## Aim of the task:
Each entry, as given, must be output unchanged.

## Records supplied:
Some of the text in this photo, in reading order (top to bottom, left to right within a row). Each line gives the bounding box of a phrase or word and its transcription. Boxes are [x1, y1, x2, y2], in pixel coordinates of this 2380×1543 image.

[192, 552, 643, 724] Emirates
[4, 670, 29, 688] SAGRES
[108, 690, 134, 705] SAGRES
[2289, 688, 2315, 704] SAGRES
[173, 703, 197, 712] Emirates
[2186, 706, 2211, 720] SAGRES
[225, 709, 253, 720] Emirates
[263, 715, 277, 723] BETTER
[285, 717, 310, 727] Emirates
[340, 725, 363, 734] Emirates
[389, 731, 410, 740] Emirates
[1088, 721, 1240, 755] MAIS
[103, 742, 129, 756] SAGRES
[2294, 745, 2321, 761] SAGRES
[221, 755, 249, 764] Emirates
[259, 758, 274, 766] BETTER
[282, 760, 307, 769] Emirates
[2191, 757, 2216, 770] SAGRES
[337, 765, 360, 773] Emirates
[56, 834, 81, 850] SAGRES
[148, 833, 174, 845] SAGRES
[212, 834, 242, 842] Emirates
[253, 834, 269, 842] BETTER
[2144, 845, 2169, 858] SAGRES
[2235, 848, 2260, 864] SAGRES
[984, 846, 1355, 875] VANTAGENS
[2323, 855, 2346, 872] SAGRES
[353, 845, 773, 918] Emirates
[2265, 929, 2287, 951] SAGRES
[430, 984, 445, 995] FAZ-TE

## Solved exercise:
Some of the text in this photo, in reading order (top to bottom, left to right within a row). Each line gives the bounding box of a phrase or word and its transcription. Boxes are [x1, y1, x2, y2], in pixel coordinates of this 2380×1543 image.

[192, 552, 643, 724] Emirates
[4, 670, 29, 688] SAGRES
[108, 690, 134, 705] SAGRES
[2289, 688, 2315, 704] SAGRES
[173, 703, 197, 712] Emirates
[2186, 706, 2211, 720] SAGRES
[225, 709, 253, 720] Emirates
[263, 715, 277, 723] BETTER
[285, 717, 310, 727] Emirates
[340, 725, 363, 734] Emirates
[389, 731, 410, 740] Emirates
[1088, 721, 1240, 755] MAIS
[103, 742, 129, 756] SAGRES
[2294, 745, 2321, 761] SAGRES
[221, 755, 249, 764] Emirates
[259, 758, 274, 766] BETTER
[282, 760, 307, 769] Emirates
[2191, 757, 2216, 770] SAGRES
[337, 765, 360, 773] Emirates
[56, 834, 81, 850] SAGRES
[148, 833, 174, 845] SAGRES
[212, 834, 242, 842] Emirates
[253, 834, 269, 842] BETTER
[2144, 845, 2169, 858] SAGRES
[2235, 848, 2260, 864] SAGRES
[984, 846, 1355, 875] VANTAGENS
[2323, 855, 2346, 872] SAGRES
[353, 845, 773, 918] Emirates
[2265, 929, 2287, 951] SAGRES
[430, 984, 445, 995] FAZ-TE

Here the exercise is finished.